A campanha mundial realiza-se entre 25 de novembro e 10 de dezembro, porém no Brasil ela se inicia já em 20 de novembro justamente para dar visibilidade à dupla vulnerabilidade da mulher negra.
Segundo dados recentes, 62% dos brasileiros afirmam não ter informação suficiente para ajudar mulheres em situação de violência e 4 em cada 10 mulheres não reconhecem certas agressões como violência. Dados de organizações mostram ainda que mulheres negras são as que mais morrem vítimas de feminicídio no país, o que reforça a urgência de políticas específicas.
“Nossa tarefa, como cidadãs e cidadãos, é transformar o silêncio em ação, garantir que nenhuma mulher fique sozinha, que cada agressão seja vista como um ataque à nossa dignidade e aos nossos direitos”, afirma Sônia Mendes, secretária da Mulher Urbanitária da FNU.

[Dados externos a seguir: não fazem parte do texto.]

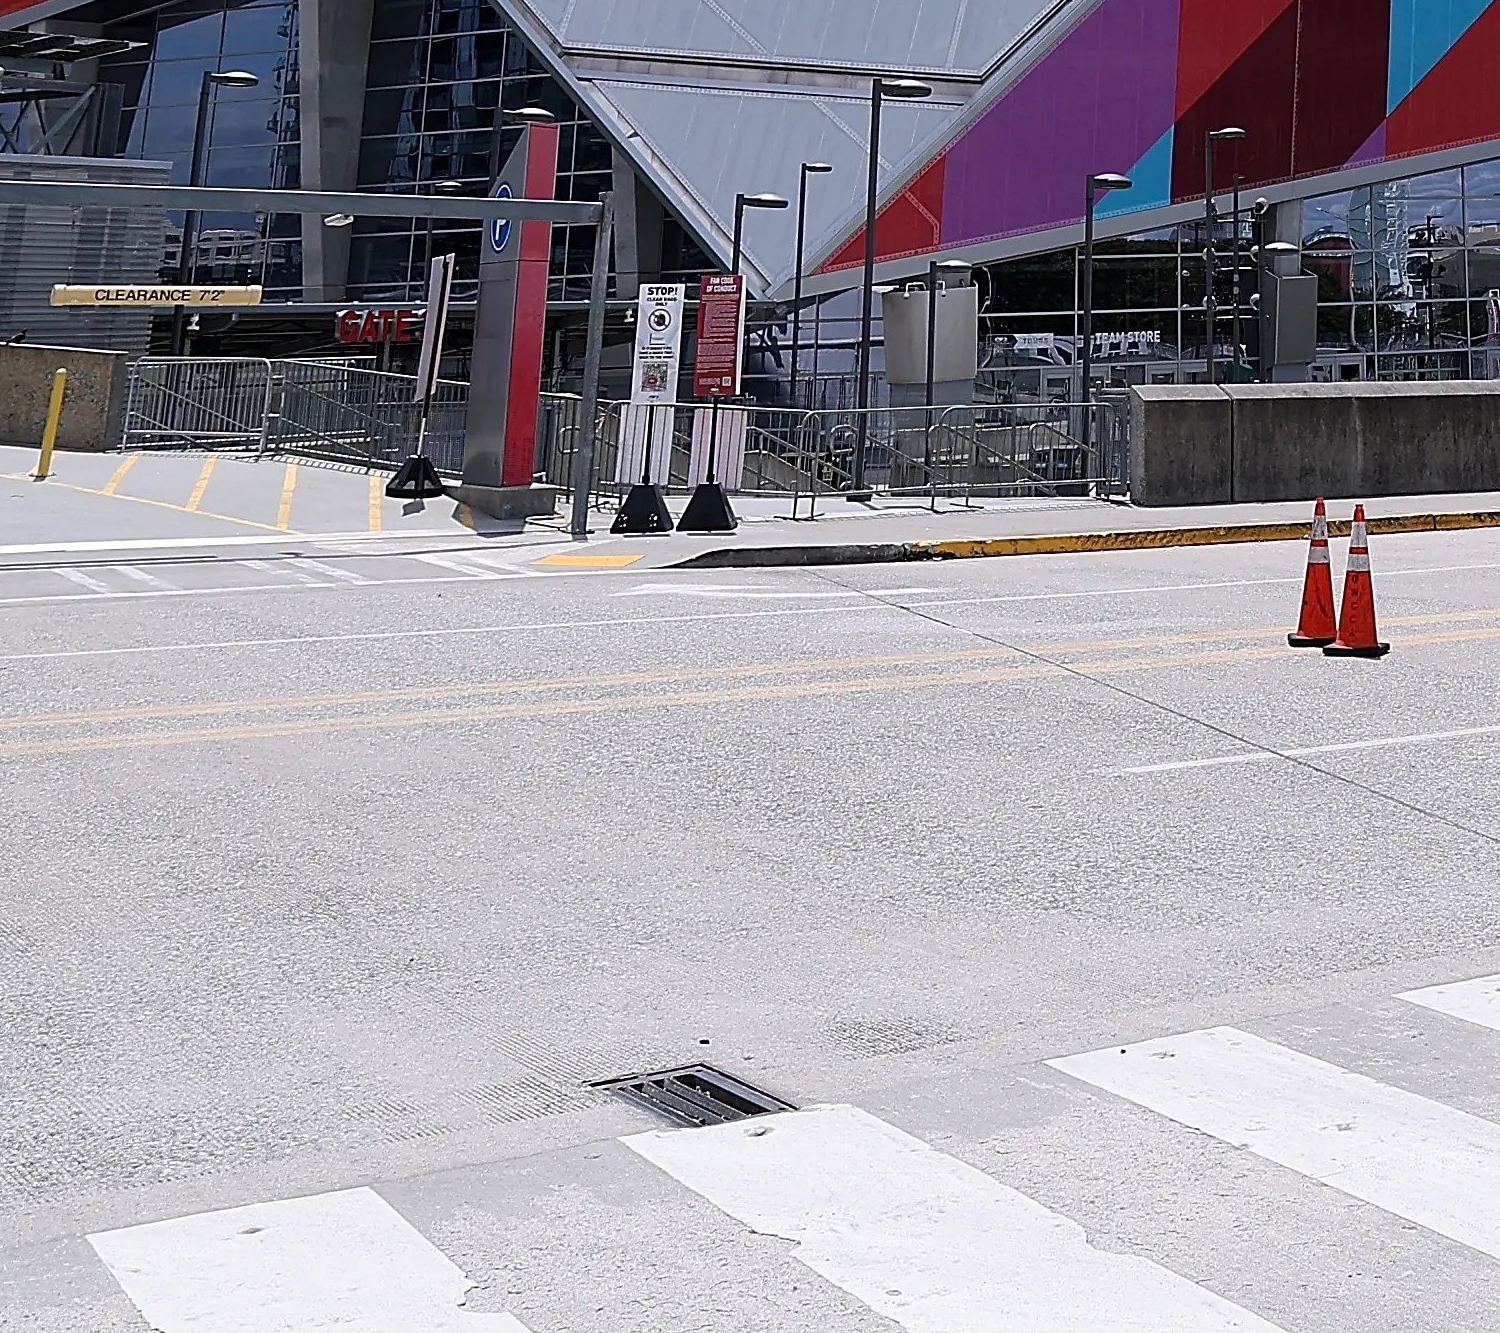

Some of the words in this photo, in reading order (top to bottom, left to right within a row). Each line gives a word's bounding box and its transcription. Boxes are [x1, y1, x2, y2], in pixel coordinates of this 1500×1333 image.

Para o presidente da FNU, Pedro Damásio, a campanha é também uma pauta sindical essencial: “Não basta garantir emprego e salário, se no mundo do trabalho a mulher enfrenta violência, discriminação ou desprezo. O fim da violência contra a mulher é condição para um ambiente laboral realmente justo”.

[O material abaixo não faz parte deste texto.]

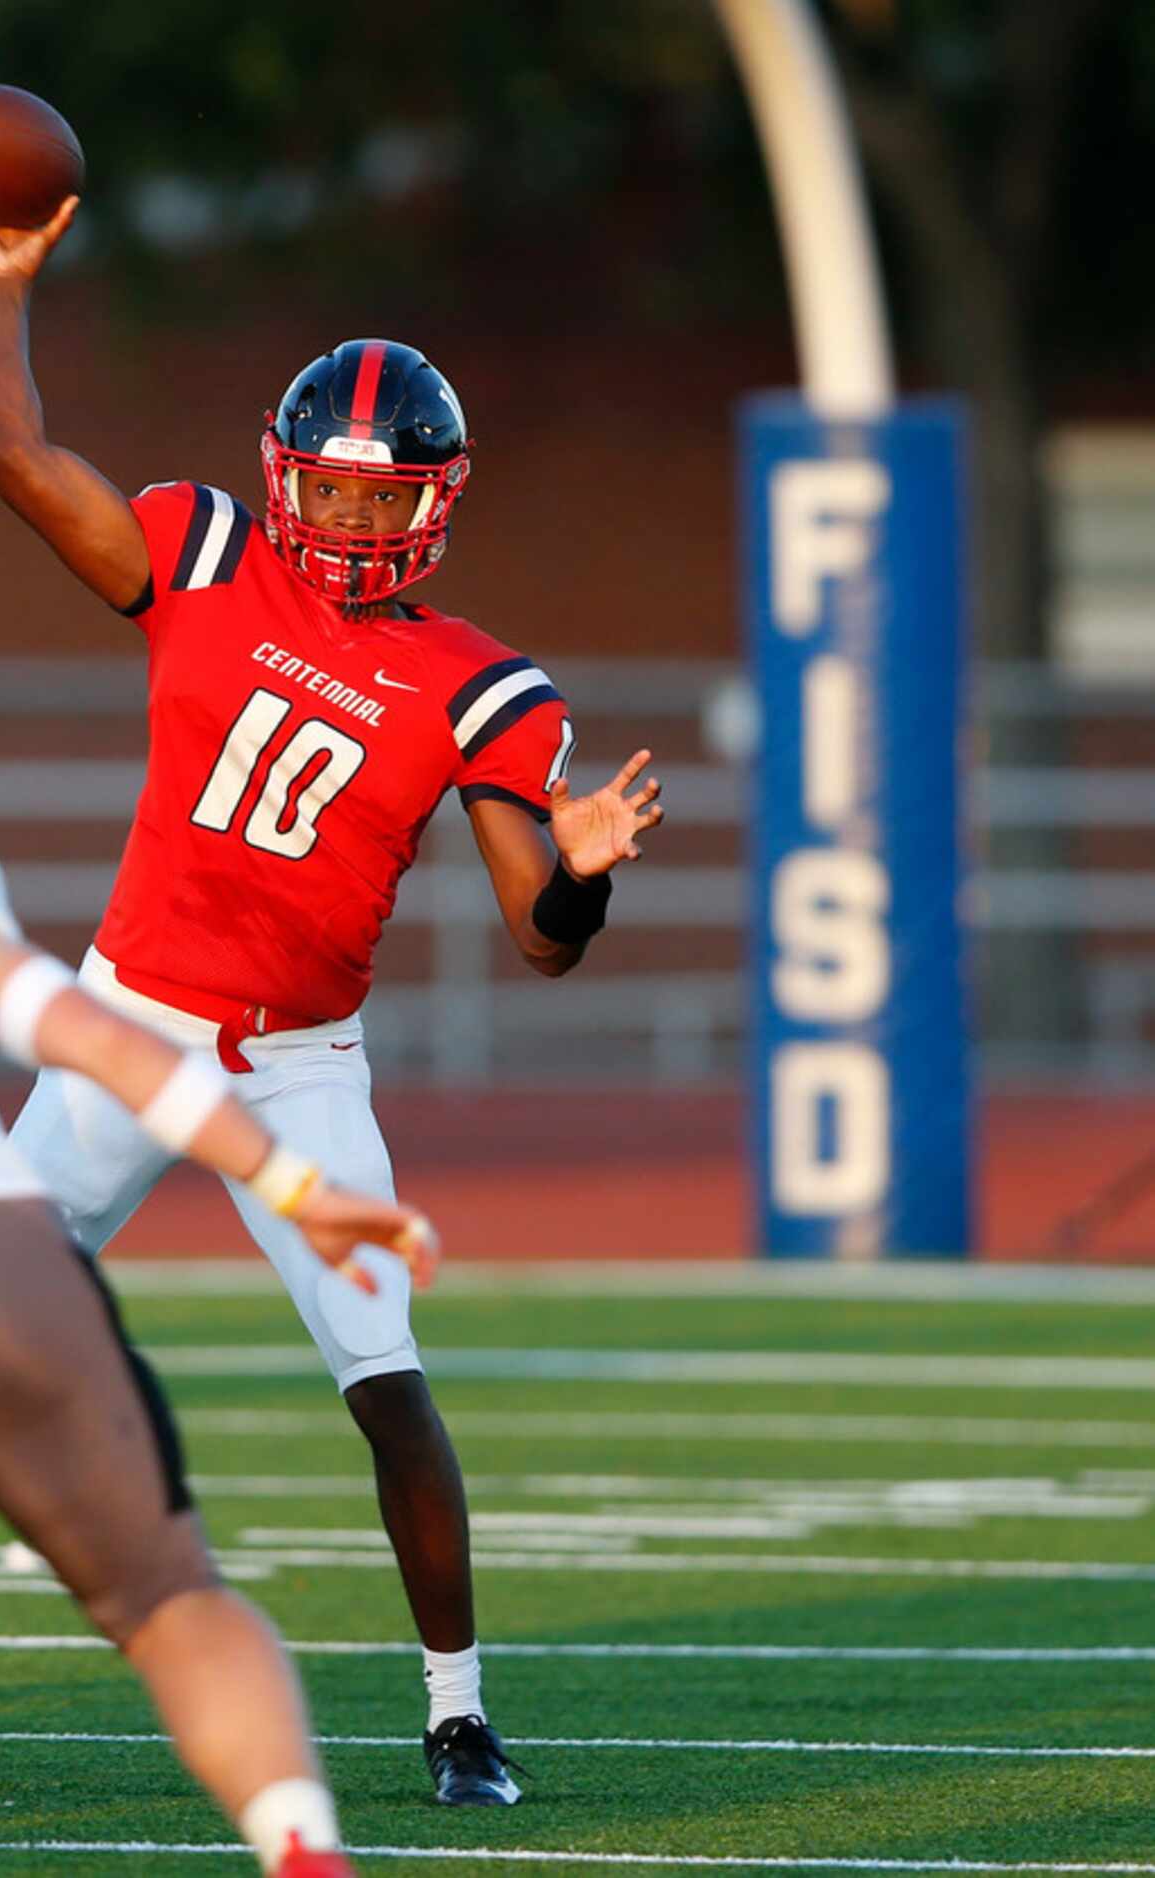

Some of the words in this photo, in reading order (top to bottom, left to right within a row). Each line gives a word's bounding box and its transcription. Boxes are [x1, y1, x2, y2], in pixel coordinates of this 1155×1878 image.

[251, 641, 386, 727] CENTENNIAL
[190, 686, 367, 861] 10
[769, 458, 891, 1217] FISD

Porque esta pauta importa para os urbanitários e urbanitárias
As mulheres, especialmente negras e periféricas, vivem realidades de dupla ou tripla opressão: como trabalhadoras, como mulheres submetidas às desigualdades de gênero e raciais, e como cidadãs que muitas vezes não têm acesso pleno aos mecanismos de denúncia e proteção.
Incluir o tema no cotidiano sindical significa dar visibilidade às violências invisibilizadas — dentro do lar, no transporte, no local de trabalho e no espaço público — e construir políticas que articulem gênero, raça, trabalho e direitos.
Chamada à ação
A FNU convida todos os sindicatos filiados, dirigentes, trabalhadoras e trabalhadores a engajar-se na campanha.
Assuma o compromisso de:
– informar-se sobre os tipos de violência e as rotas de denúncia;
– apoiar colegas em situação de vulnerabilidade;
– promover espaços de diálogo sobre gênero e raça no mundo do trabalho;
– exigir que os acordos coletivos de trabalho e as negociações incluam cláusulas de prevenção à violência e ao assédio.
Porque a violência contra a mulher não é problema só de mulheres — é desafio da sociedade, da classe trabalhadora e dos sindicatos.
Que o nosso compromisso seja permanente para que o slogan se torne realidade:
Nenhuma mulher será deixada para trás.